Nowadays, web-based marketing is the primary strategy to generate awareness among millennials and Gen Z. In lieu of the social media influencers and bloggers that are popular within the Western hemisphere, China has developed its very owncomunity of influencers—KOLs, or Key Opinion Leaders. For more information on what they are, check out this article. [link to first article]

KOLs emerged from consumers’ need for more reliable sources of information on the products they consume. These feelings of mistrust stems perhaps not only from their scepticism in corporations, but also in the system of consumerism in general. As our world becomes increasingly commercialized, our consumers become increasingly desperate for information that is unbiased.

Simultaneously, as our world becomes increasingly reliant and tangled thanks to the World Wide Web, our consumption habits become more tethered to technology the Internet. Our ways of consumption are changing, and KOLs are taking advantage of this, combining social media with e-commerce in order to maximise readership and profit.

To further elaborate on some unique aspects of KOLs:

  1. Viral content vs. KOL content

Although KOLs are sometimes also called “Wanghong 网红” (online celebrities), there is a fundamental difference between these two. Online celebrities are more similar to influencers in that their content is heavily based on viral trends, while KOLs focus on products and services that are relevant to their field of expertise.

For example, KOL Dipsy blogs about fashion on Weibo, focusing mainly on luxury brands. Perhaps due to his previous work experience as a graphic designer, his content and language is detail-oriented and highly descriptive, which contributes to his increased readership.

  • Engagement

As with social media influencers, KOLs have a high engagement rate. Perhaps this is unique to the nature of social media platforms, which allow for easy interaction. The high engagement rate is also what makes promotion particularly effective—not only does it allow KOLs to appear more approachable, but it enables a more loyal and dedicated fanbase.

The nature of KOLs also mean that their communities and fanbases are inherently niche. Often, niche markets produce more loyal and dedicated fanbases, which is also true for KOLs. A relatively smaller fanbase means that members are more close-knit and perhaps even more trusting of each other, creating a solid echo chamber that is optimal for promotion and branding.

The content is, moreover, not only limited to texts, images, or even videos. Many KOLs using livestreaming websites for a more personalised experience.
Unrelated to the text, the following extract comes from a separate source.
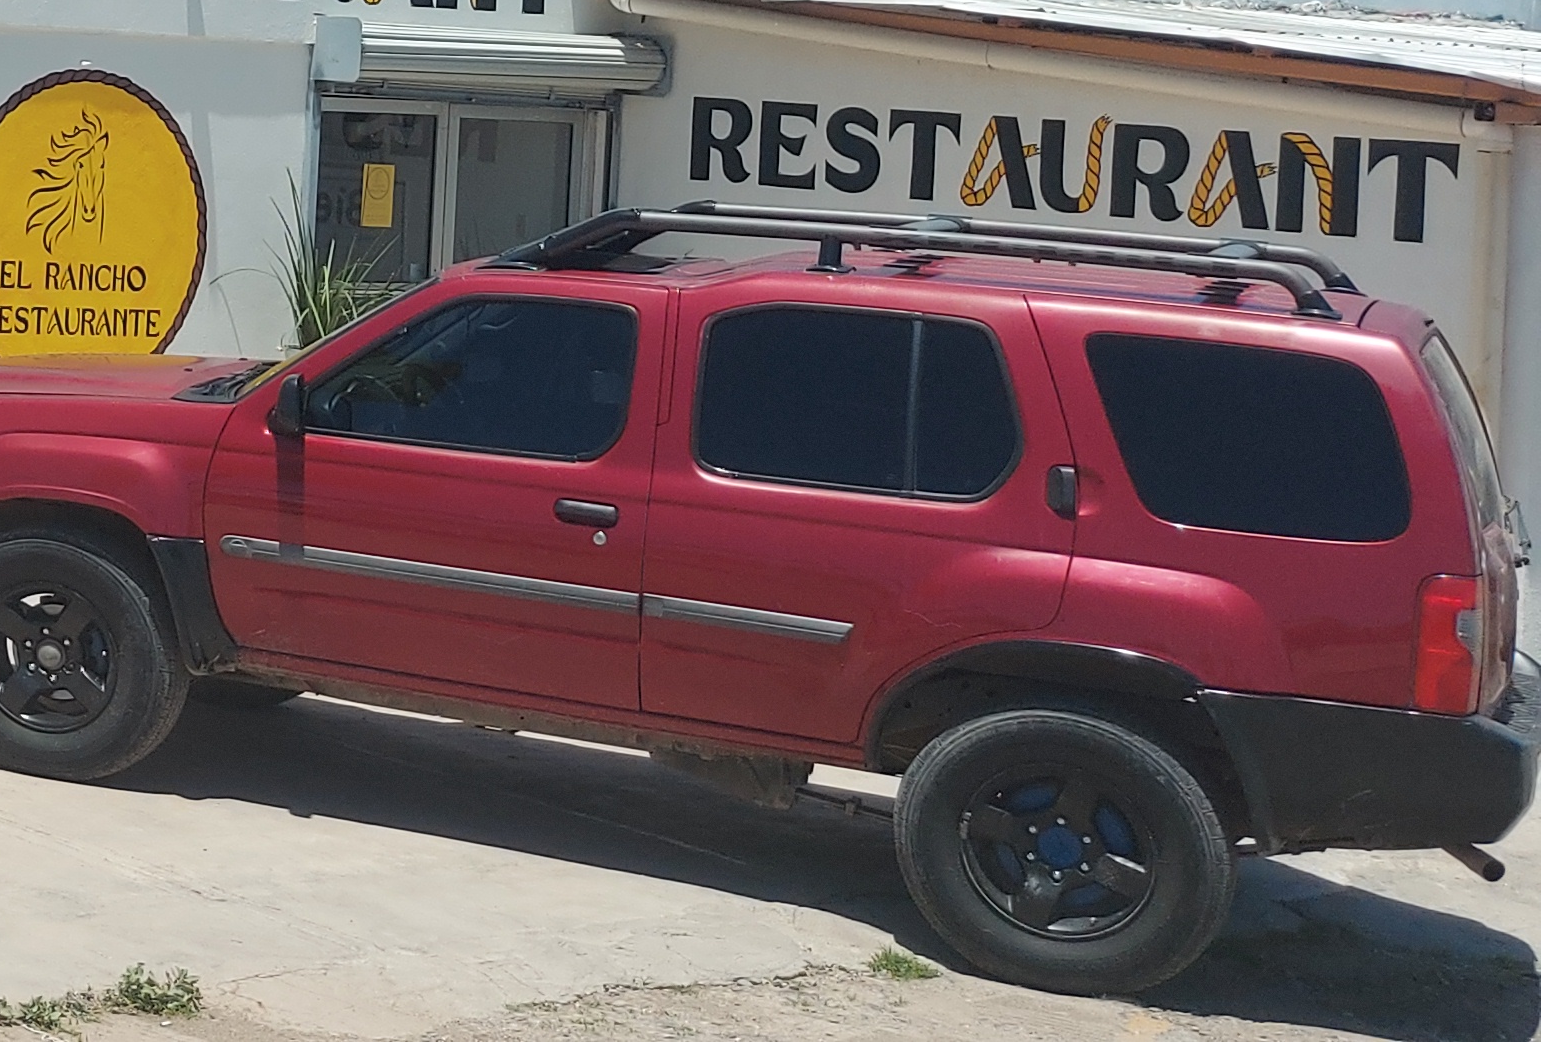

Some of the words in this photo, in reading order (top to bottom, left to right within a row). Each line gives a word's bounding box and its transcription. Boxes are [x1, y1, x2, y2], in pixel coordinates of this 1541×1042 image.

Consumers can react and chat directly through a live chat while they stream, therefore enabling more immediate and authentic interaction.

  • Convenience

Sometimes, the attraction can be credited to sheer convenience—and that’s not a bad thing! KOLs post on social media platforms such as WeChat or Weibo. WeChat is a wildly convenient and multi-purposed platform—you can browse a product, read the reviews/blog posts, and even pay for the product all on the same app/website.

The rise of KOLs isn’t merely a localised phenomenon in China. In fact, it’s slowly becoming prominent in the Western market as well. Regardless, companies that are interested in expanding to China should definitely investigate collaborating with KOLs to ease their transition into a foreign market.